OFFICIAL from Haddonfield School District on May 1, 2020
On Thursday, April 30, 2020, the Haddonfield Board of Education approved a $37.4M budget for the 2020-2021 academic year.
This dollar amount represents a $735,000 or 2% increase from last year. Haddonfield residents living in a home valued at $500,000 will see an annual increase to their property taxes of $62.
Board Secretary Michael Catalano made a presentation that highlighted, among other things, additions to instructional staff due to projected enrollments; supplies and training for the new AP Capstone Program; professional development for math instruction in grades K-8; the expansion of the district’s 1:1 Chromebook program to include grades 5 and 11; new classroom furniture that will support flexible learning environments; staff training for project-based learning; and capital improvements such as the new C-wing Air-Handling Unit addition.
“Creating the annual budget is a difficult balancing act for Board members,” said Adam Sangillo, Board President. “We try to be mindful of the community’s heavy tax burden and yet we must provide appropriate funding so that our students can thrive and achieve.”
Catalano went into some detail about numerous expenditures in the area of Safety and Security. The district will continue to fund a Student Resource Officer at Haddonfield Memorial High School (HMHS) as well as the Raptor Visitor Management System that was installed in all school buildings last year. In progress are security projects including new secure vestibules in Tatem and Elizabeth Haddon Elementary Schools; window covers for all interior classroom doors; and the RULER emotional intelligence program initiated last fall to support the district’s Social-Emotional Learning goals.

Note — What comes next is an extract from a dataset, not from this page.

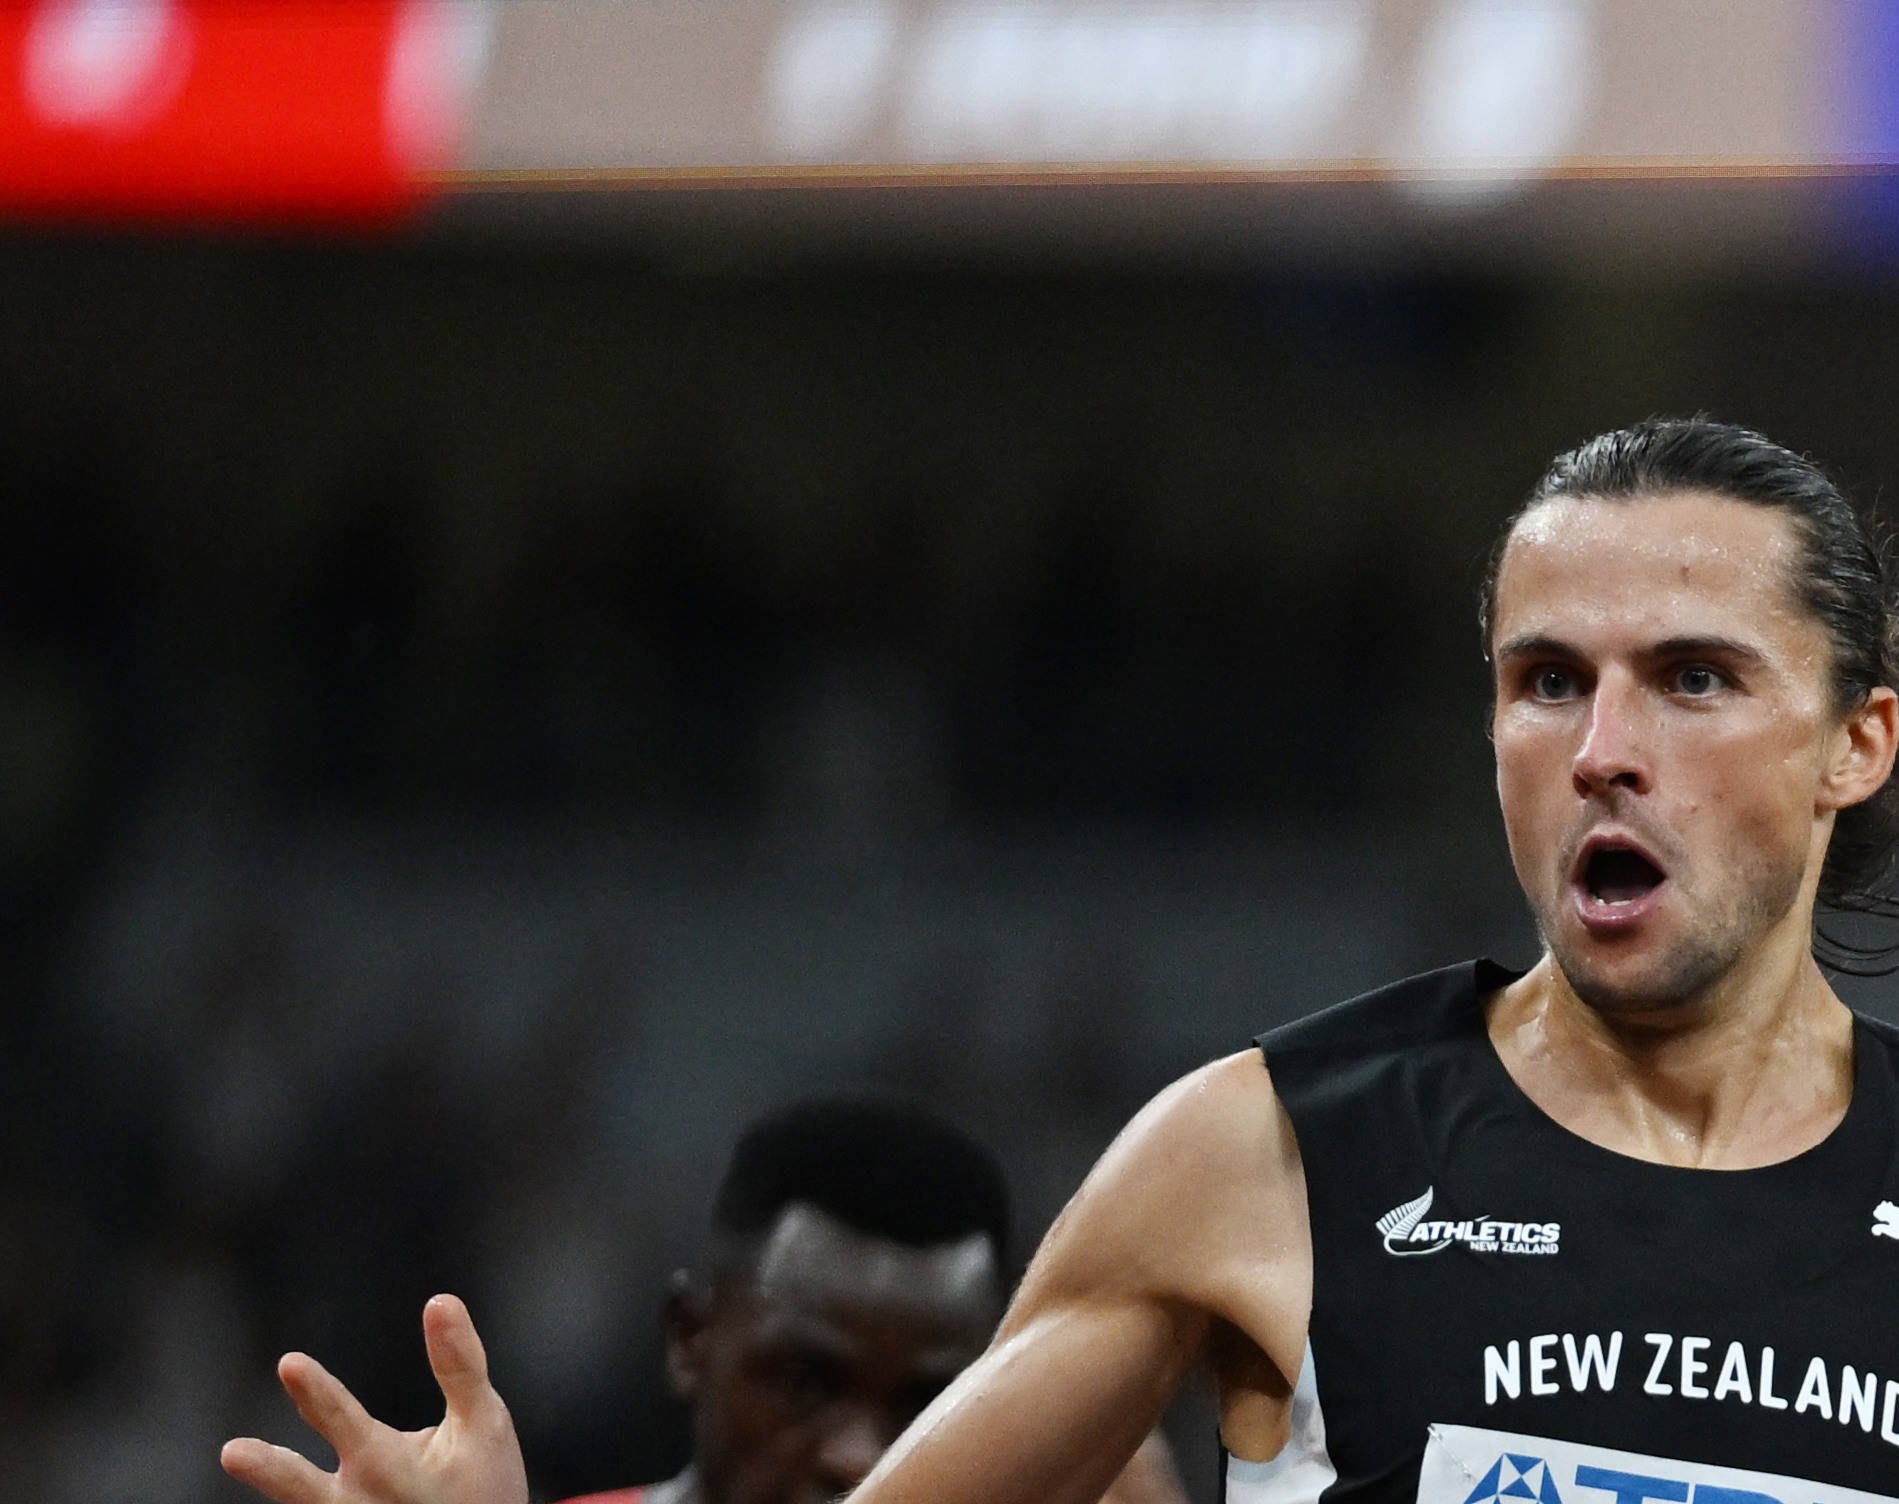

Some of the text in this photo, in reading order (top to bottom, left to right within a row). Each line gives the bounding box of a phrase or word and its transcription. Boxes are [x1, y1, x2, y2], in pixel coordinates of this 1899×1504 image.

“RULER stands for recognizing, understanding, labeling, expressing, and regulating emotions,” said Dr. Gino Priolo, Director of Special Education and Co-Chair of the Social-Emotional Learning Committee. “Teaching the adults and students in our schools how to recognize and manage emotions is equally important to the physical plant hardening plans that the district has undertaken over the past two years. When we improve school climate and address our social and emotional skills, we can identify mental health issues more readily and ultimately make our schools safer places to teach and learn.”
New Security expenditures include a digital floor-mapping system for first responders navigating our buildings in a crisis; security cameras throughout our district; and a new Student Assistance Coordinator/Crisis Counselor (SAC) who will work with students who are identified as being at risk, again for the purpose of identification and intervention before problems can occur.
“The new full time SAC position replaces a part-time social worker position,” said HMHS Principal Tammy McHale. “This person will offer staff training, will develop procedures for various crisis situations, will design programs and will provide counseling for students and parents.”
“We are completely aware that the repercussions of the COVID-19 pandemic could change state funding drastically,” said Sangillo. “We are going to be hyper-vigilant in our planning over the next few years as we see how the intermediate and long term impacts of this unprecedented time unfold.”